━━ DATA TO USE ━━
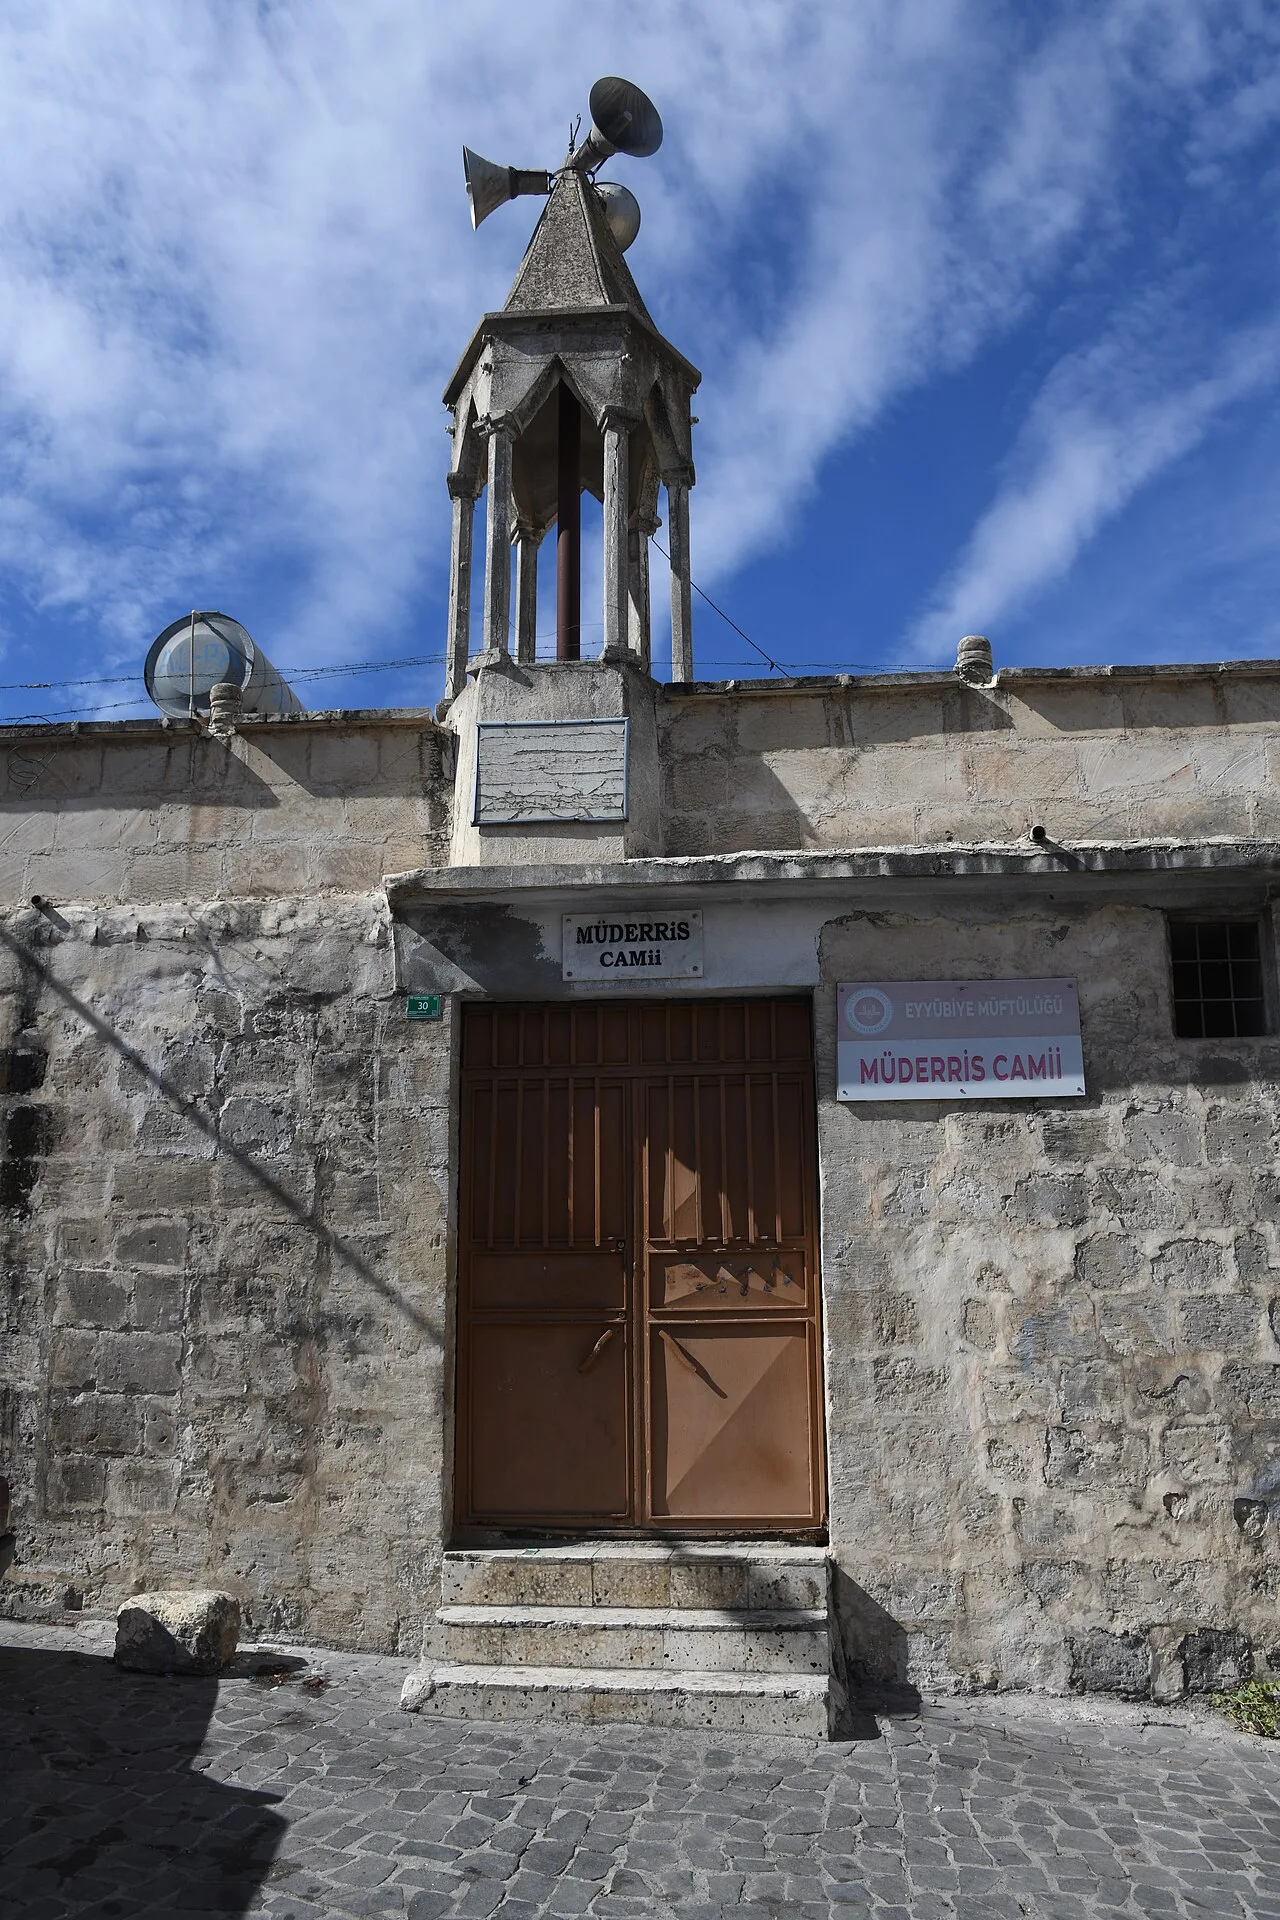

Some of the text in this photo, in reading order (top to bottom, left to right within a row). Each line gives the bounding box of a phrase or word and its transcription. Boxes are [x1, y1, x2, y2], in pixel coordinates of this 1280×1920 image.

[417, 1001, 429, 1010] 30
[905, 997, 975, 1019] EYYÜBİYE
[978, 994, 1063, 1016] MÜFTÜLÜĞÜ
[859, 1046, 1062, 1085] MÜDERRİS CAMİİ
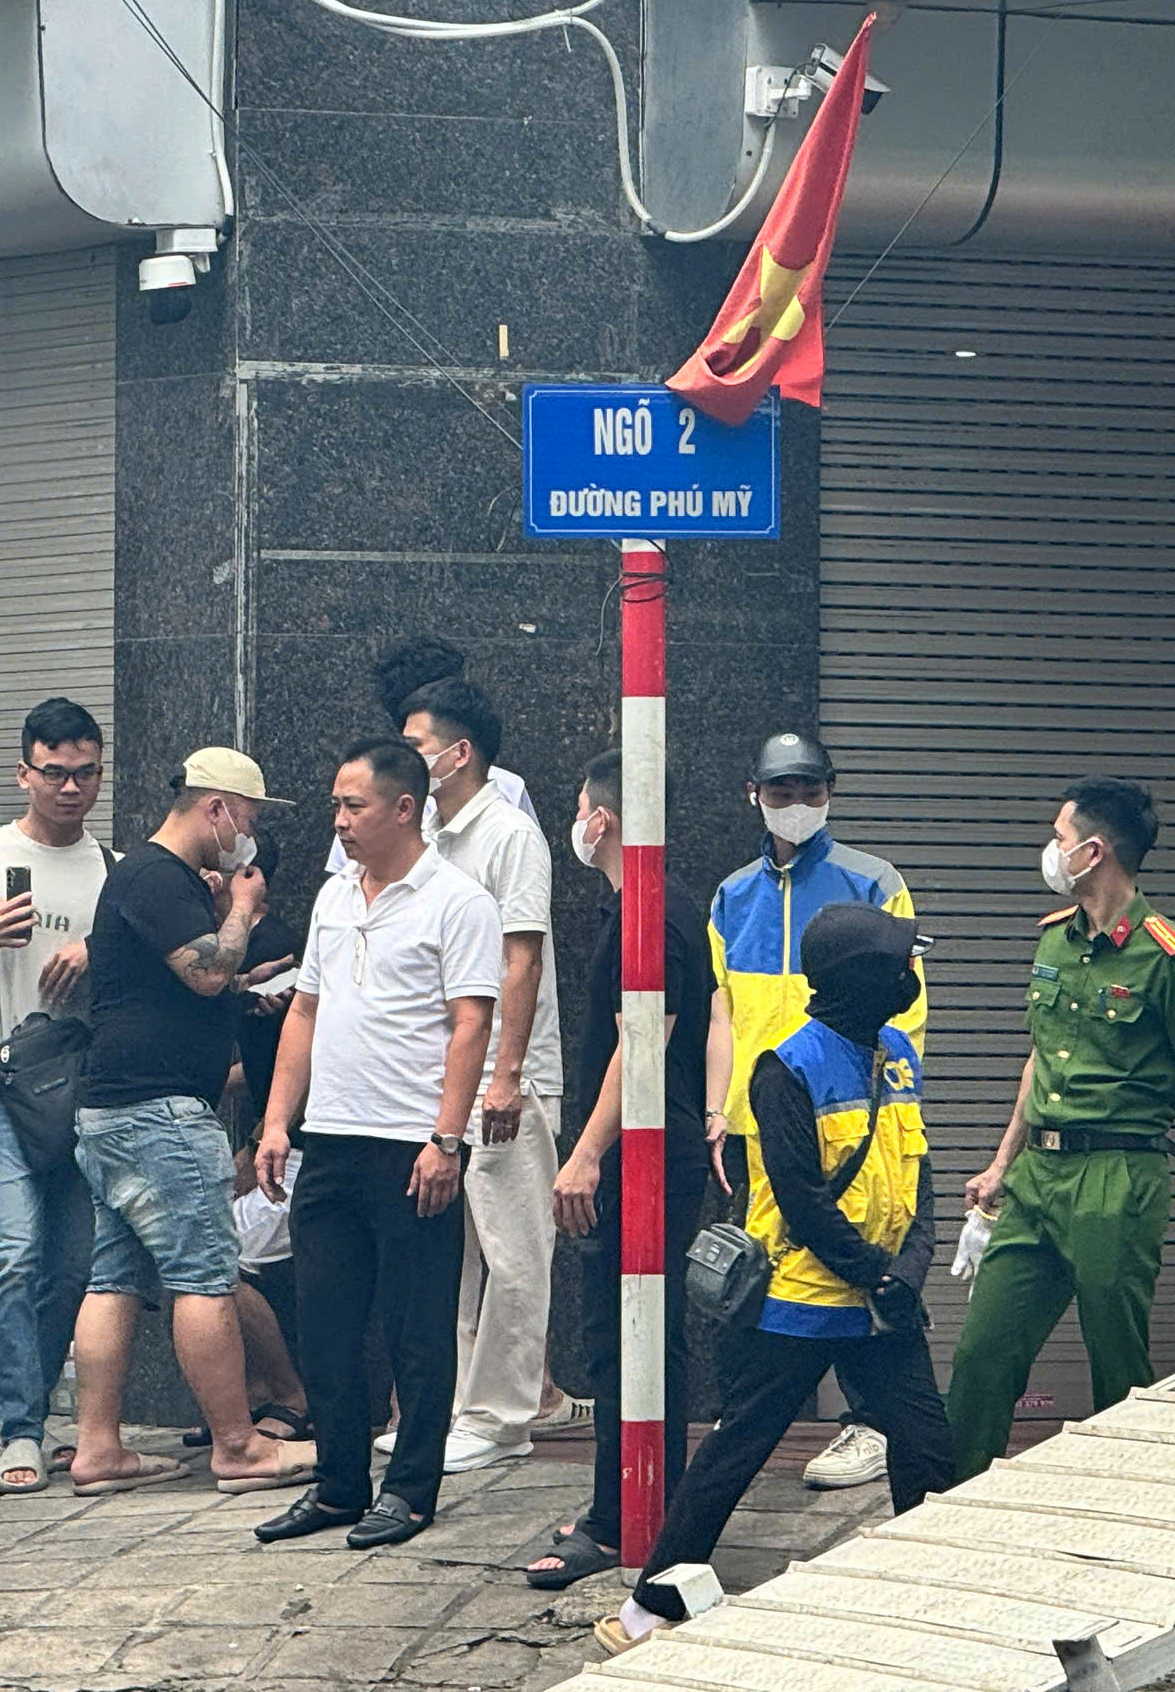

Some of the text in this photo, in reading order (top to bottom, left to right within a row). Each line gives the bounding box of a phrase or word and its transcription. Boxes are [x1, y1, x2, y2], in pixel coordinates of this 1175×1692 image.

[593, 398, 696, 456] NGÕ 2
[549, 483, 754, 517] ĐƯỜNG PHÚ MỸ
━━━
Copy out only the lines from the one containing "this 1175×1692 image." down to the last line of the material, keeping both ends.

Some of the text in this photo, in reading order (top to bottom, left to right within a row). Each line gives the bounding box of a phrase or word and its transcription. Boxes are [x1, y1, x2, y2], in pixel coordinates of this 1175×1692 image.

[593, 398, 696, 456] NGÕ 2
[549, 483, 754, 517] ĐƯỜNG PHÚ MỸ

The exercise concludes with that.